## DATASET ENTRIES:
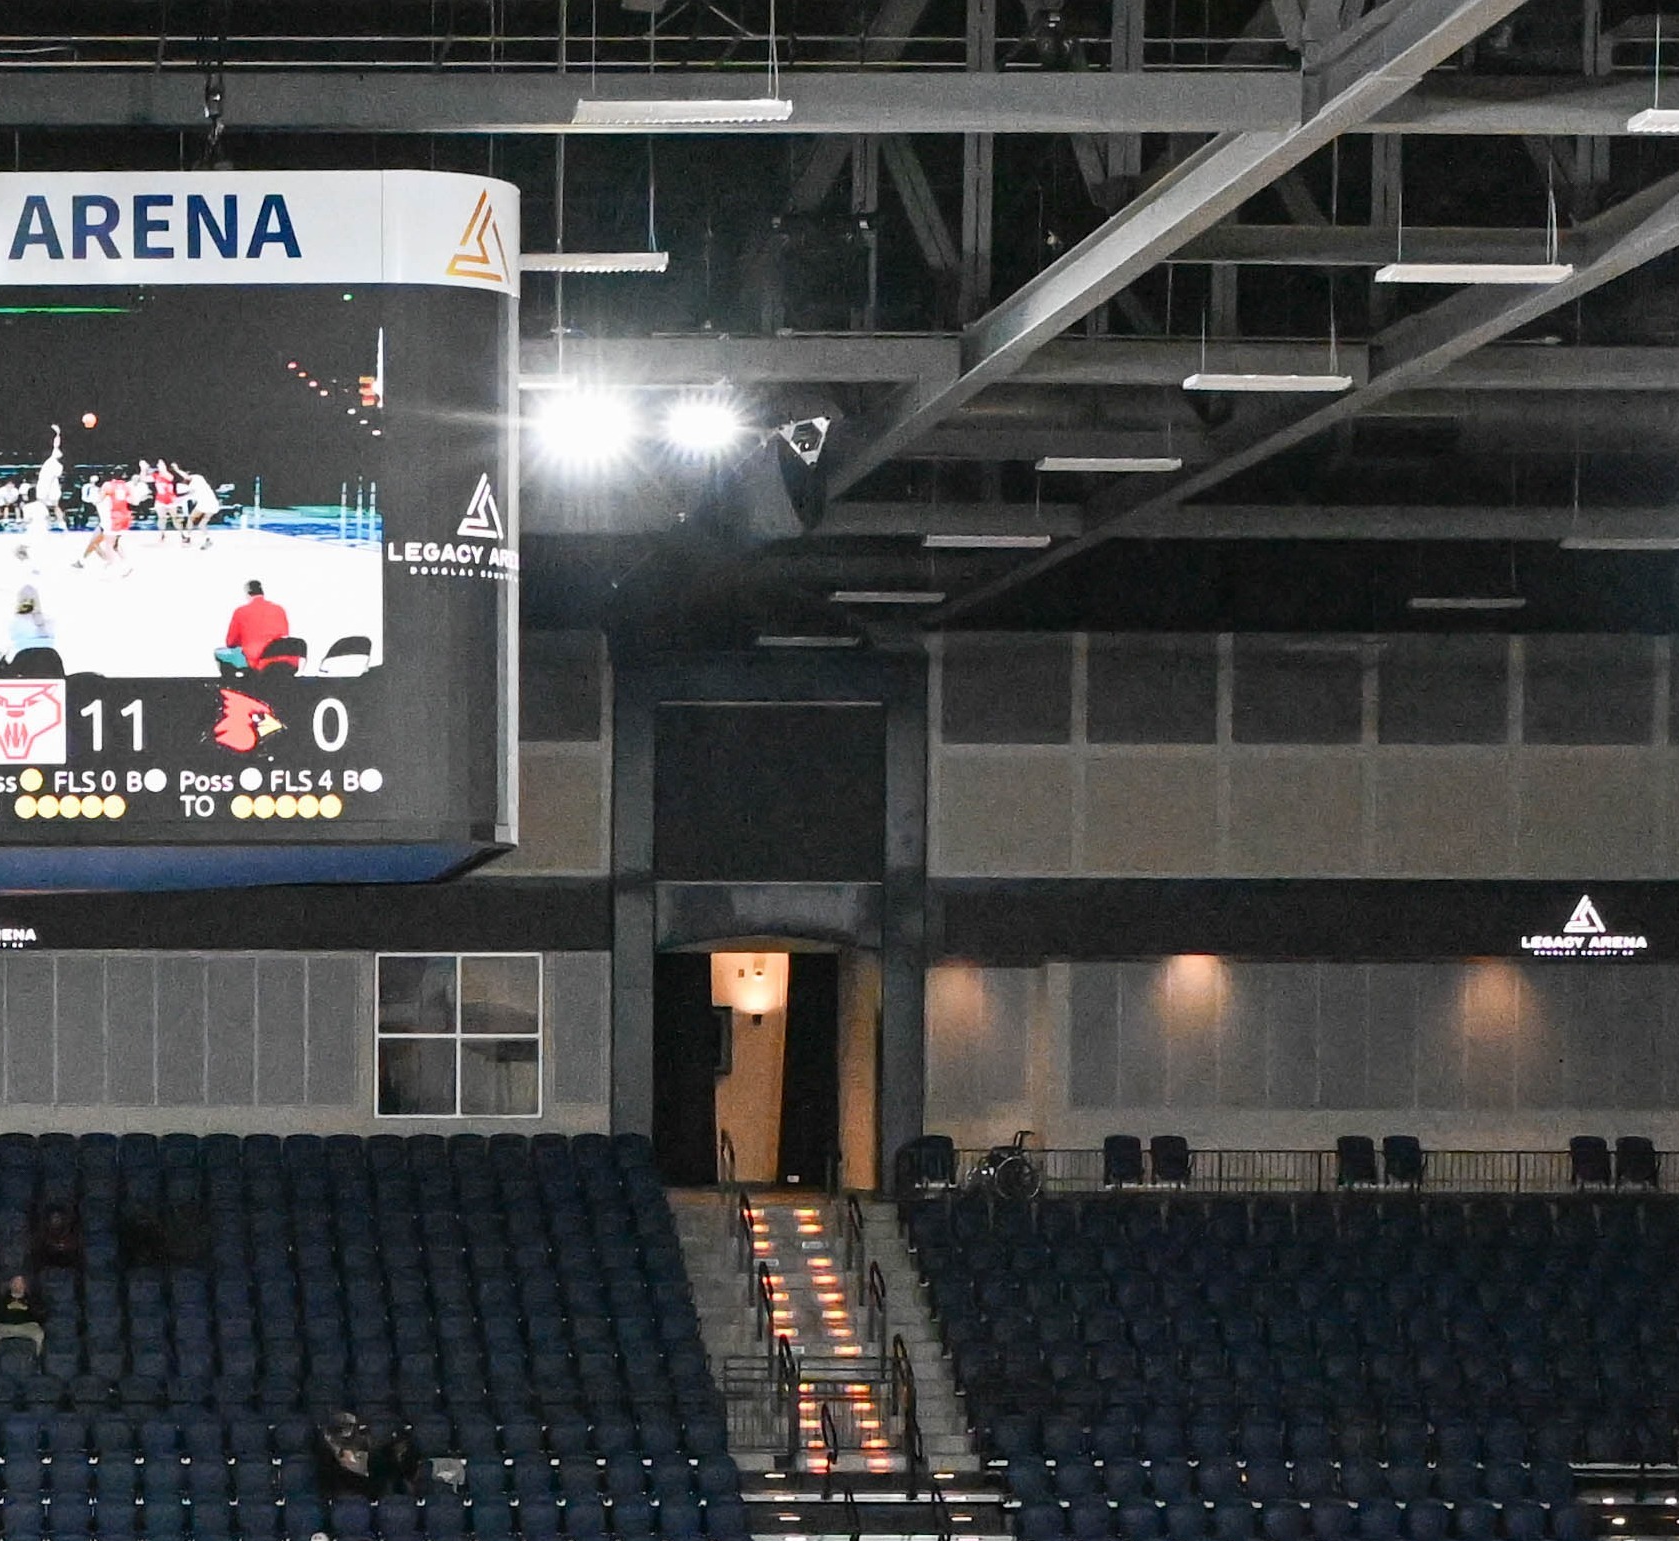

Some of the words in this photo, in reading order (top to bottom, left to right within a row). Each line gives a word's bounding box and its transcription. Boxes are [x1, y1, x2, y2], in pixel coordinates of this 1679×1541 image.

[7, 193, 303, 260] ARENA
[387, 541, 484, 565] LEGACY
[80, 698, 144, 752] 11
[312, 697, 350, 752] 0
[53, 770, 96, 793] FLS
[179, 771, 235, 793] Poss
[269, 770, 313, 792] FLS
[318, 770, 333, 792] 4
[180, 796, 216, 818] TO
[1521, 936, 1585, 949] LEGACY
[1588, 936, 1648, 949] ARENA
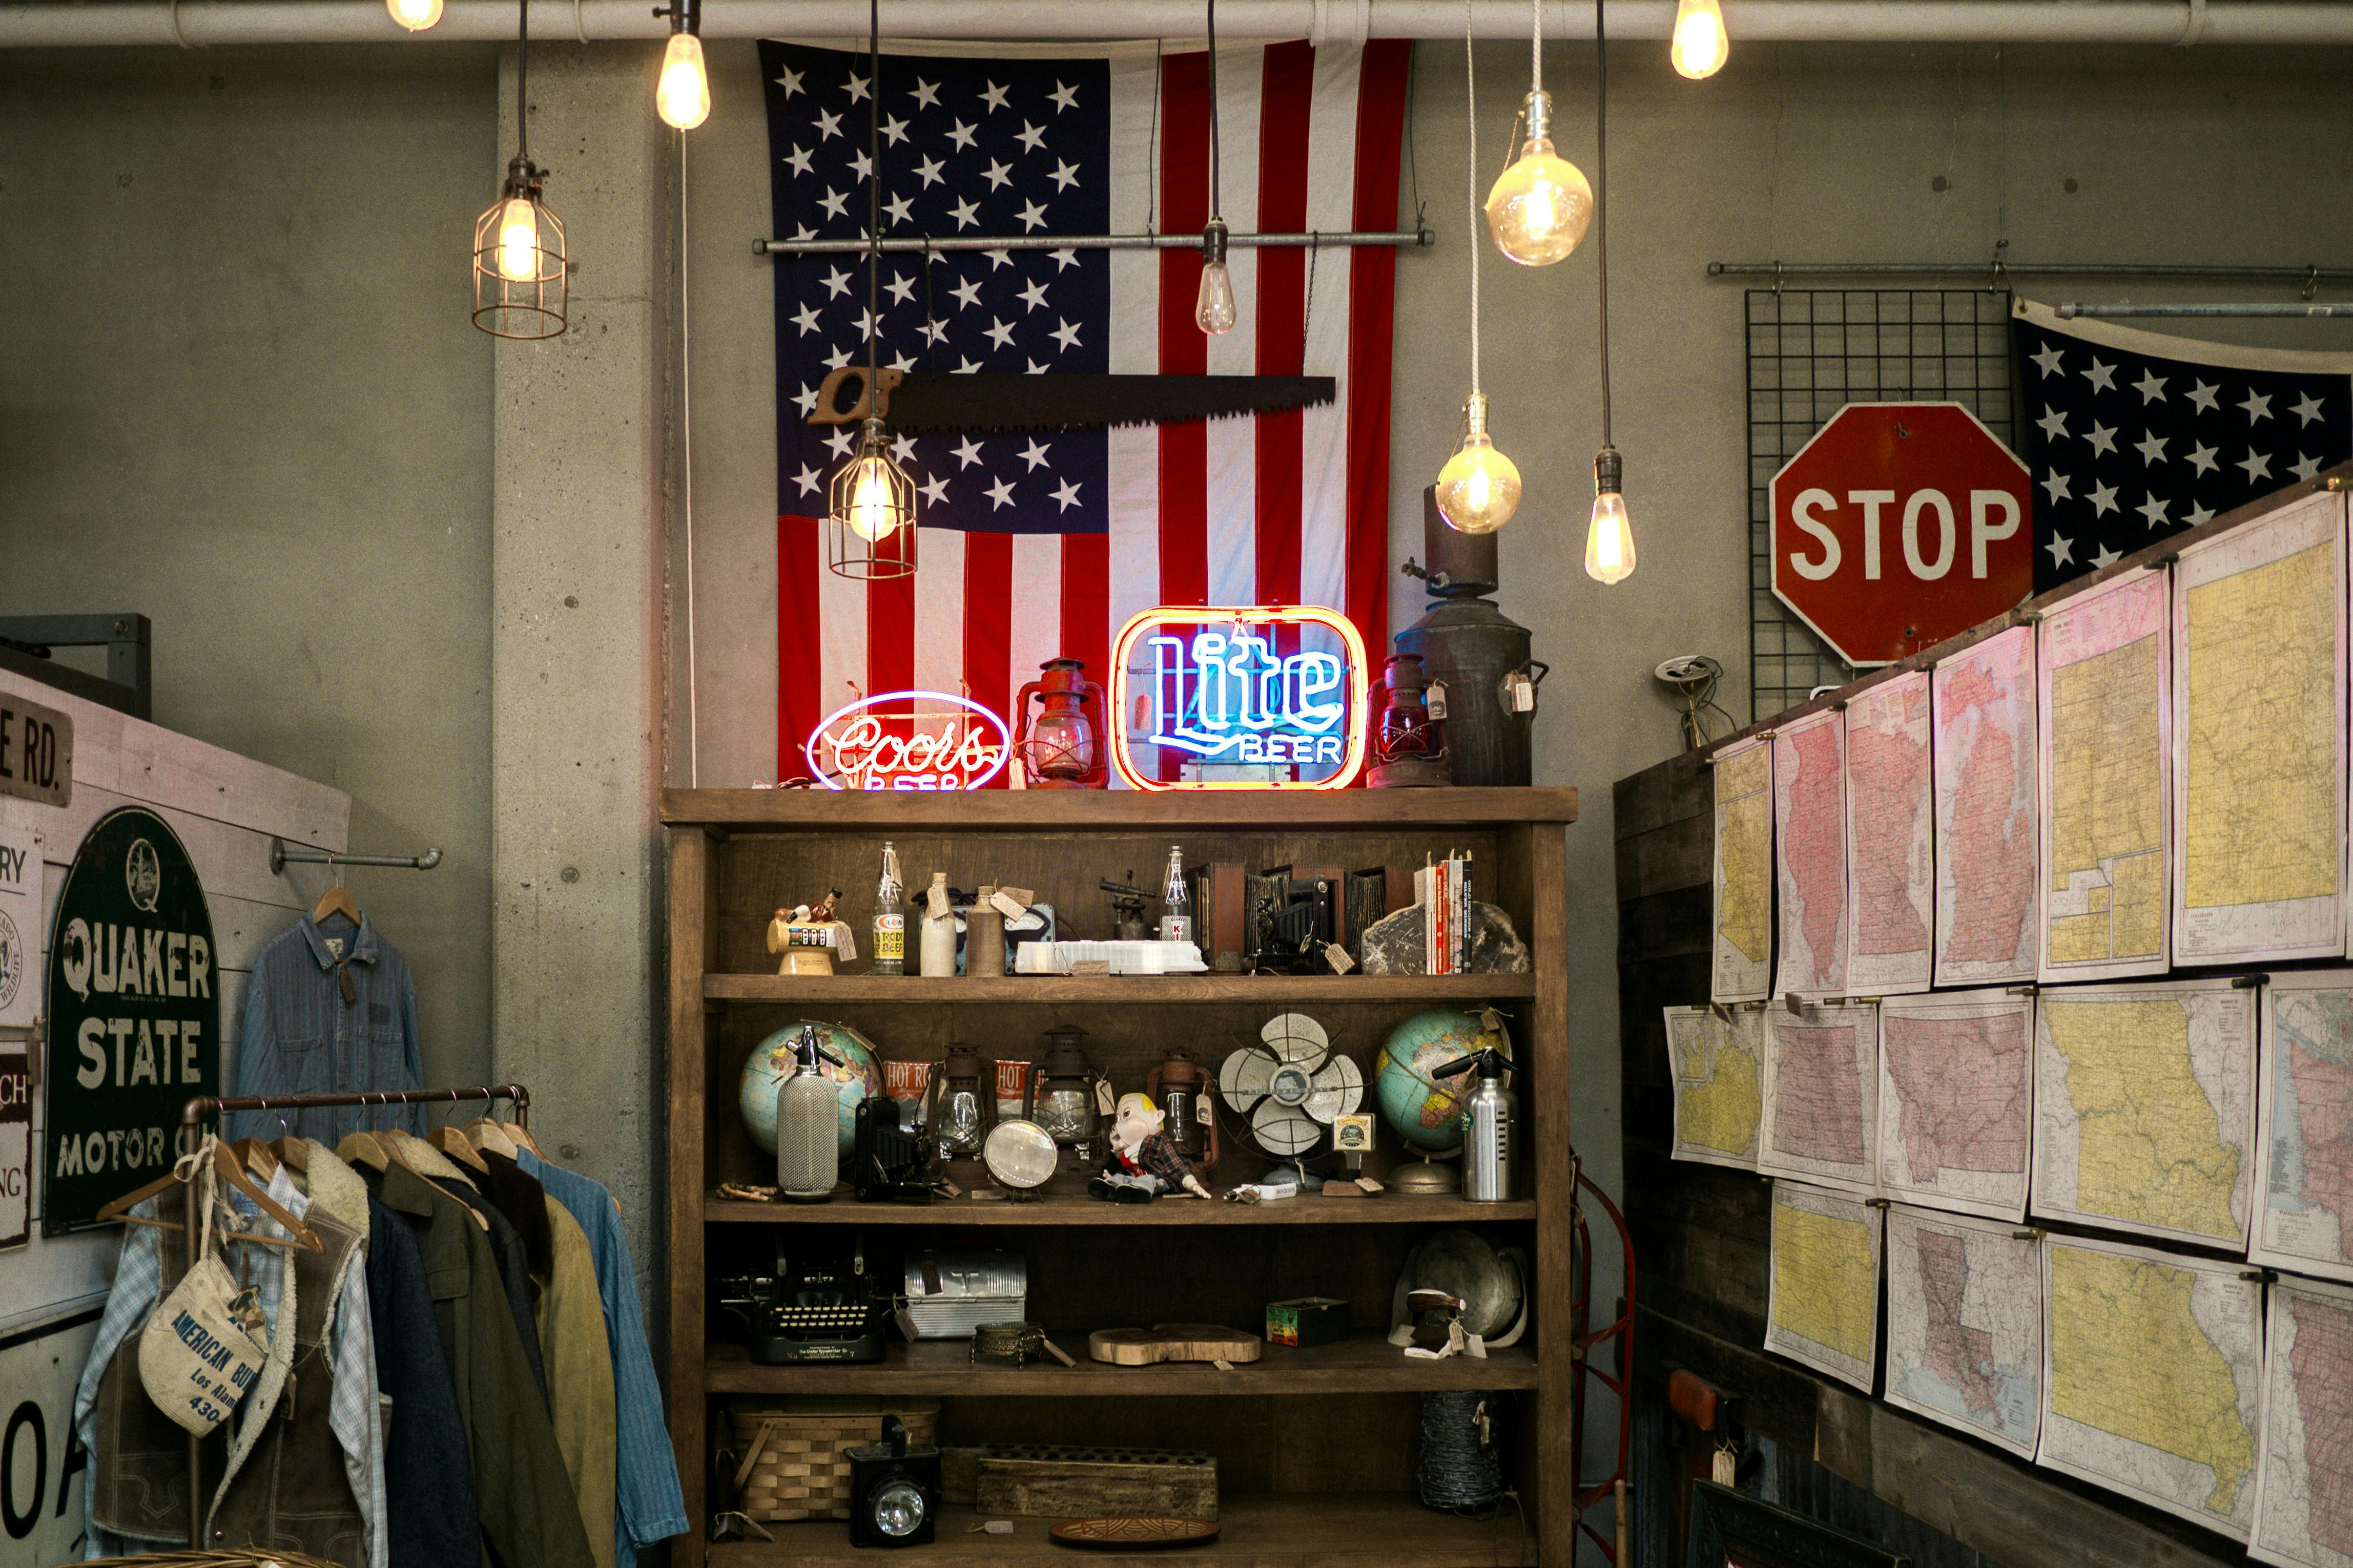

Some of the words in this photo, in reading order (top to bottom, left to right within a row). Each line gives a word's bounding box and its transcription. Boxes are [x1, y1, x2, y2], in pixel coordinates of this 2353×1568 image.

[1790, 488, 2020, 580] STOP
[1148, 633, 1344, 756] Lite
[24, 717, 59, 790] RD.
[822, 718, 999, 774] Coors
[1239, 733, 1341, 764] BEER
[63, 917, 210, 1002] QUAKER
[77, 1017, 201, 1089] STATE
[888, 1065, 910, 1087] HOT
[998, 1065, 1021, 1088] HOT
[57, 1127, 164, 1178] MOTOR
[171, 1309, 234, 1372] AMERICAN
[190, 1367, 211, 1389] Los
[189, 1396, 221, 1424] 430-

## PROBLEM DESCRIPTION:
Your answer must be the records exactly as they stand, with no pictures in it.

## TASK RESPONSE:
Some of the words in this photo, in reading order (top to bottom, left to right within a row). Each line gives a word's bounding box and its transcription. Boxes are [x1, y1, x2, y2], in pixel coordinates of this 1679×1541 image.

[7, 193, 303, 260] ARENA
[387, 541, 484, 565] LEGACY
[80, 698, 144, 752] 11
[312, 697, 350, 752] 0
[53, 770, 96, 793] FLS
[179, 771, 235, 793] Poss
[269, 770, 313, 792] FLS
[318, 770, 333, 792] 4
[180, 796, 216, 818] TO
[1521, 936, 1585, 949] LEGACY
[1588, 936, 1648, 949] ARENA

Some of the words in this photo, in reading order (top to bottom, left to right within a row). Each line gives a word's bounding box and its transcription. Boxes are [x1, y1, x2, y2], in pixel coordinates of this 2353×1568 image.

[1790, 488, 2020, 580] STOP
[1148, 633, 1344, 756] Lite
[24, 717, 59, 790] RD.
[822, 718, 999, 774] Coors
[1239, 733, 1341, 764] BEER
[63, 917, 210, 1002] QUAKER
[77, 1017, 201, 1089] STATE
[888, 1065, 910, 1087] HOT
[998, 1065, 1021, 1088] HOT
[57, 1127, 164, 1178] MOTOR
[171, 1309, 234, 1372] AMERICAN
[190, 1367, 211, 1389] Los
[189, 1396, 221, 1424] 430-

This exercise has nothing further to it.